April 3, 2015 by Jon Tattrie

Easter eggs

As the long-weekend approaches, Jon Tattrie shares the lesser known meanings of many words popular this time of year

As the spring sun surges in the east, we turn with worshipful hearts toward her resurrected heat, finding peace in the knowledge that our winter of suffering is finished.

So did our linguistic ancestors, both Christian and pagan. An archeological excavation of Easter’s language connects us directly toward those who gathered in springs long forgotten.

An Easter egg is a tasty chocolate treat, but it’s also a treat hidden inside a piece of pop culture. The Urban Dictionary defines it as “a hidden item placed in a movie, television show, or otherwise visual media for close watchers.” It comes from The Rocky Horror Picture Show, where the cast held an Easter egg hunt, but found few.

Easter, the Christian spring holiday, brings baskets of both kinds of eggs.

The word Easter builds on east, the direction, a word that goes all the way back to the ancient Proto-Indo-European language spoken thousands of years ago, where it was austron. The same root word came through Latin as aurora, which means dawn, and sits in Austria, which means eastern borderland.

According to the Venerable Bede, an English monk and writer in the 600s, the Christian festival supplanted the pagan festival celebrating the goddess Eastre. Her worshippers gathered on the spring equinox and looked to the east, and its rising sun, for her name. Early Christian missionaries could be a pragmatic bunch and likely repurposed an already popular holiday for the Christian one, just as they did with Christmas. Many Christians still gather for sunrise services on Easter Sunday, unknowingly echoing the ancient pagan rite.

Egg is an odd little word. It seems simple – it comes out of a chicken. But why do we egg someone on? That second meaning comes from the Viking word eggja, meaning to incite, and is cognate with edge.

Holy Week takes Christians through the final days of Jesus. It starts with him heading for Jerusalem (meaning foundation of peace – shalom means peace, and it also crops up in the middle of the Muslim greeting As-salamu alaykum).

Jesus gathers his disciples for the Last Supper on Maundy Thursday. “Maundy” comes from the Latin mandatum, which gives us mandate, which gives us commandment.
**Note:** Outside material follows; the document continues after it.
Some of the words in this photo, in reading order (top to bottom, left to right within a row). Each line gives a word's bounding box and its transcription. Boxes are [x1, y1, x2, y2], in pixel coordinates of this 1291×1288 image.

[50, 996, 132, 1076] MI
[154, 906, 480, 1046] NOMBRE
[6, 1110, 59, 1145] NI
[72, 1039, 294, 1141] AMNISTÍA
It’s called Maundy Thursday because Jesus gave a “new commandment” to his followers: “Love one another.”

Good Friday appears a blasphemous way to describe the day the Romans tortured Jesus to death, but it’s not. Good comes from an ancient root word meaning to unite (and is related to gather), and for several centuries good also meant holy: it is holy to bring people together. So Good Friday means Holy Friday. Crucify is a fancy Latin-based way of saying fasted to a cross – it’s sort of like “cross-ify.”
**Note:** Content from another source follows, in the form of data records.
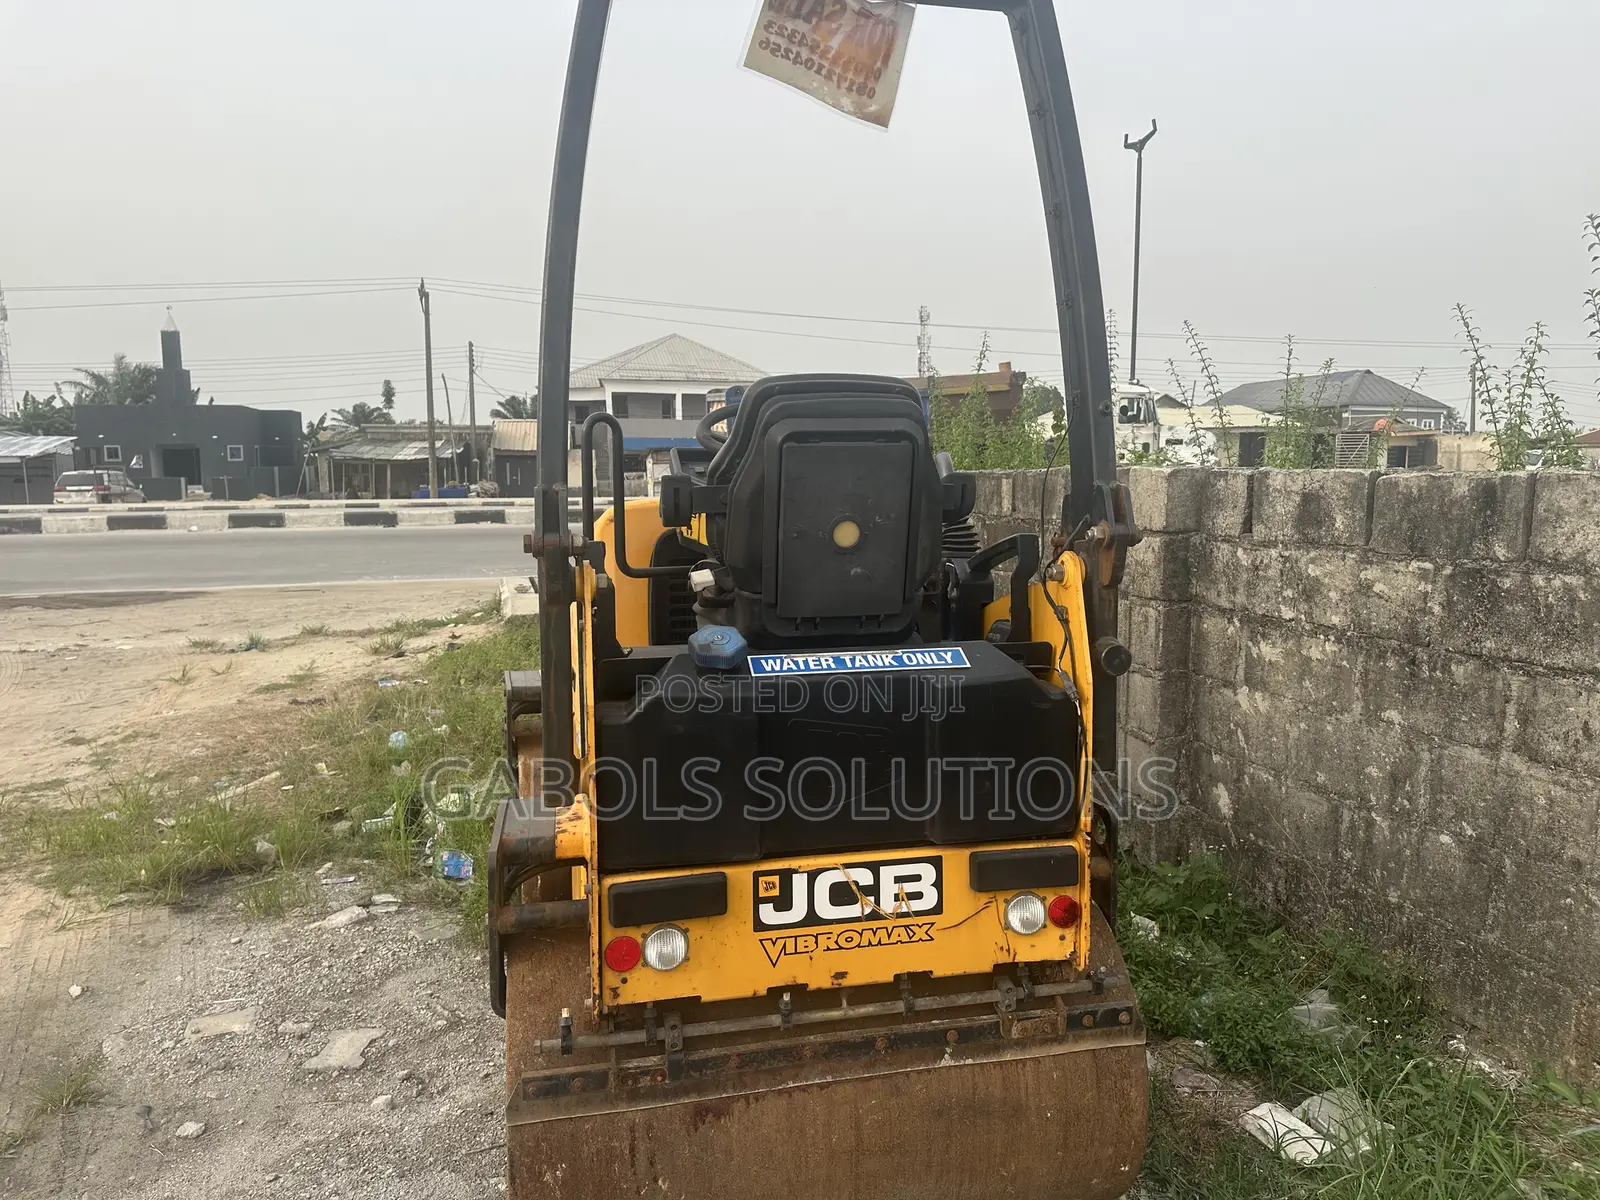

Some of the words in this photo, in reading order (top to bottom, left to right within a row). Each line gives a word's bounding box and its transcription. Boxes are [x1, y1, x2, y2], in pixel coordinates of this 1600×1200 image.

[760, 656, 837, 672] WATER
[840, 653, 899, 669] TANK
[902, 651, 954, 666] ONLY
[758, 862, 939, 926] JCB
[758, 922, 937, 968] VIBROMAX
These last days are also known as the Passion of the Christ. This seems strange – there is no romance to this terrible beating. That’s because passion comes from the Latin pati, meaning to suffer, and we see it more clearly in compassionate, which means to suffer together (as does compatible). The extreme emotions present in suffering unmoored the word from pain and drifted it along to its modern meaning of lust.
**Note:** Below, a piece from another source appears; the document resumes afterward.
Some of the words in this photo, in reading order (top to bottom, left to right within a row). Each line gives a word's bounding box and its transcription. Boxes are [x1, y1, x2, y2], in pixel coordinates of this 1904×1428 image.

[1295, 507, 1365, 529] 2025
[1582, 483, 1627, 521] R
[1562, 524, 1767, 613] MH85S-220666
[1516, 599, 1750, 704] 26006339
This etymology helps us understand why long-married couples often cite compatibility as the key to a good relationship. Life brings us suffering. To propose marriage is to ask another to share that burden with you. At least with this definition, you can be sure the passion will never go out of your marriage.

On Easter Sunday, Christians celebrate the resurrection. The second part of that word is cognate with surge, and both come from the Latin word surgere, meaning to rise. If you add the prefix “re” to mean again, you get resurrection, meaning to surge again, or to rise again.

The Easter season ends 50 days later with Pentecost, which comes from the Greek pentekoste, meaning just that – the fiftieth day.

So this Easter, turn your holy hearts to the east and celebrate resurgent life as the suffering snow melts and life rises again from the reborn land.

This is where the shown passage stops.